本実施例では、還元性燃料と、5又は6員環の窒素及び炭素を含む複素環式化合物としてイミダゾール系化合物を含む燃料及び非触媒のアノード電極を備える燃料電池を作製し、その電池特性を評価した。
カーボンブラック、10%ポリビニルピリジン、N-メチルピロリドンを混和した分散溶液を1cm2に切り抜いたカーボンフェルト(東レ社製、商品名:トレカマット)に塗布し、乾燥させ、アノード側電極11とした。
カーボンブラック、10%ポリビニルピリジン、N-メチルピロリドンを混和した分散溶液を1cm2に切り抜いたカーボンフェルト(東レ社製、商品名:トレカマット)に塗布し、乾燥させたものをカソード側電極12とした。
以上のように作製したアノード側電極11、カソード側電極12を使用し、アノード側集電体20、アノード側電極11、電解質膜13、カソード側電極12及びカソード側集電体21からなる積層構造を作製した。
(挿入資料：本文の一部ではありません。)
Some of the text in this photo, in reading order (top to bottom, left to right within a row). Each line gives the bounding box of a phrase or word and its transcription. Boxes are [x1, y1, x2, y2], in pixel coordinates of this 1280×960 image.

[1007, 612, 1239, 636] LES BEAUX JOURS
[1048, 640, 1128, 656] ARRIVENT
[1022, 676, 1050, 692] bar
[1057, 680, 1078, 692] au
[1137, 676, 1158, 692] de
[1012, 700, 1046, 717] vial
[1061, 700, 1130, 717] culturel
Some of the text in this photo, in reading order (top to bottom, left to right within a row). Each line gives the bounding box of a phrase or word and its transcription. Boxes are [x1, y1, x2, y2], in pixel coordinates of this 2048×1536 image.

そして、アノード側電極11には、2Mアスコルビン酸ナトリウム、1Mイミダゾール-HCl(pH7.0)溶液、カソードに1Mフェリシアン化カリウム溶液を供給することで燃料電池(実施例1)を作製した。
実施例2の燃料電池として、アノードに供給する燃料に含まれる還元剤を2Mアスコルビン酸ナトリウムに代えて1M還元型ニコチンアミドアデニンジヌクレオチドとした以外は実施例1の燃料電池と同様に作製した。
比較例1の燃料電池として、アノードに供給する燃料を2Mアスコルビン酸ナトリウム溶液(1Mイミダゾール-HClを含まない溶液)とした以外は実施例1と同様に燃料電池を作製した。
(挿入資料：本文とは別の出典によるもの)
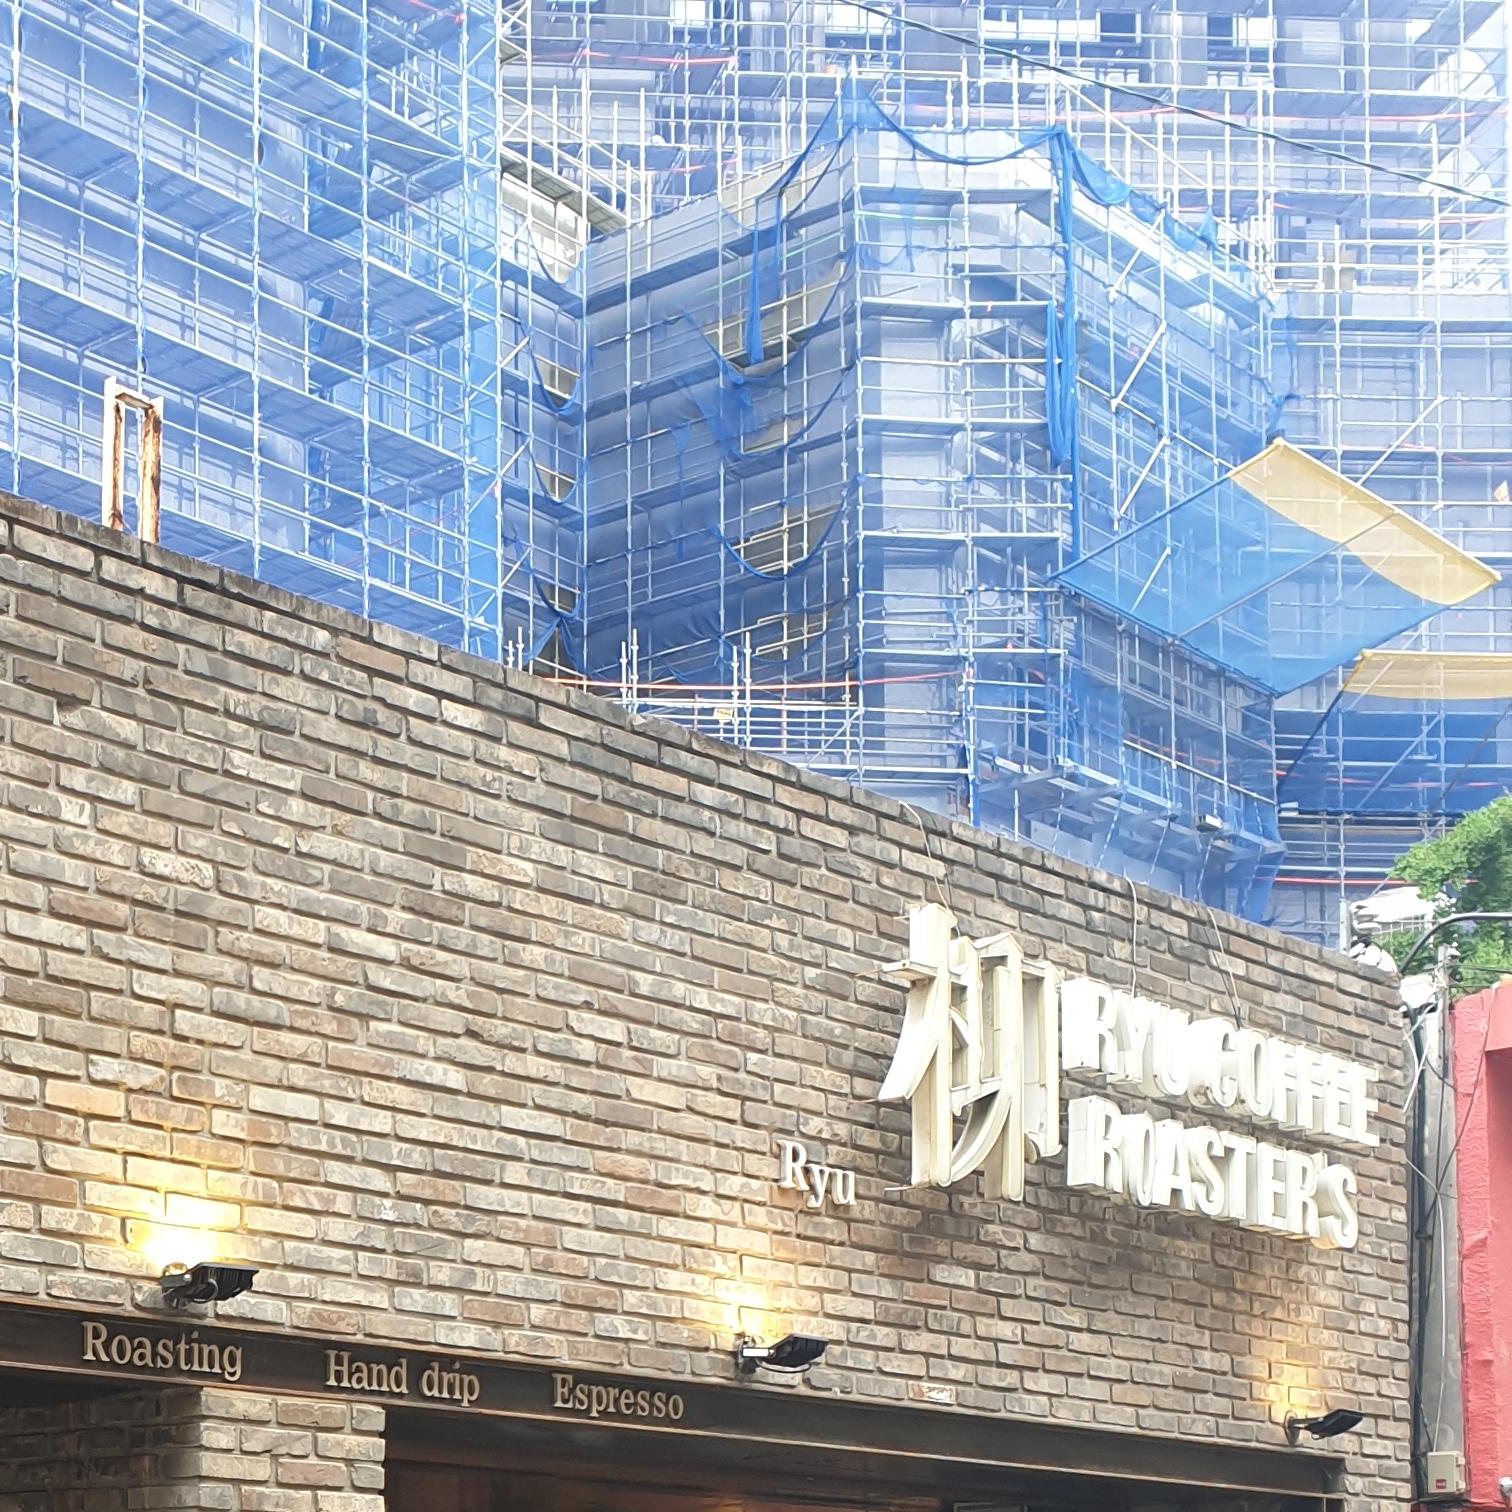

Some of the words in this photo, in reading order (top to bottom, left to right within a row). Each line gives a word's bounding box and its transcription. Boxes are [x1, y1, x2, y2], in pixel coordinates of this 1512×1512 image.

[1060, 977, 1189, 1098] RYU
[1188, 1017, 1379, 1147] COFFEE
[773, 1140, 856, 1207] Ryu
[82, 1321, 243, 1382] Roasting
[325, 1350, 409, 1394] Hand
[421, 1360, 480, 1407] drip
[552, 1373, 684, 1420] Espresso
以上のように作製した実施例1、実施例2及び比較例1の燃料電池について以下のようにして電池特性を評価した。すなわち、電池出力を、電池両極間に直列に接続した外部負荷装置としてELECTRONIC Load PLZ164WA(KIKUSUI社製)及びWAVY FOR PLZ-4W ソフトウェア(KIKUSUI社製)を用いて計測した。測定は室温条件下(約25℃)にて実施した。
本実施例では、5又は6員環の窒素及び炭素を含む複素環式化合物として種々の複素環式化合物を使用して実施例1と同様に燃料電池を作製し、その電池特性を評価した。すなわち、実施例3~7では、1Mイミダゾール-HClに代えて表1に示す複素環式化合物を使用した以外は、実施例1及び2と同様に燃料電池(還元剤として2Mアスコルビン酸ナトリウムを使用した燃料電池と、還元剤としてNADHを使用した燃料電池)を作製した。なお、実施例6において使用したポリビニルイミダゾールの分子量は111500であった。
Claims (10)
- アノード側電極と、カソード側電極と、これらアノード側電極とカソード側電極との間に配されたイオン伝導性を有する膜とを備え、上記アノード側電極に存在する還元性燃料が、5又は6員環の窒素及び炭素を含む複素環式化合物の存在下にて酸化されることを特徴とする燃料電池。
- 上記アノード側電極は、貴金属触媒及び酵素のいずれも含まないことを特徴とする請求項1記載の燃料電池。
- 上記還元性燃料は、アスコルビン酸、還元型ニコチンアミドアデニンジヌクレオチド、還元型ニコチンアミドアデニンジヌクレオリン酸及び水素から選ばれる少なくとも1種以上の還元性燃料であることを特徴とする請求項1記載の燃料電池。
- 上記化合物は、アノード側電極に接触する燃料に含有されていることを特徴とする請求項1記載の燃料電池。
- 上記化合物は、アノード側電極における燃料と接触する表面に存在することを特徴とする請求項1記載の燃料電池。
- 上記還元性燃料は、上記化合物を0.2~5.0Mの濃度で含有することを特徴とする請求項1記載の燃料電池。
- 上記アノード側電極は、炭素材料を含むことを特徴とする請求項1記載の燃料電池。
- 上記複素環式化合物は、5員環の窒素を含む複素環式化合物であることを特徴とする請求項1記載の燃料電池。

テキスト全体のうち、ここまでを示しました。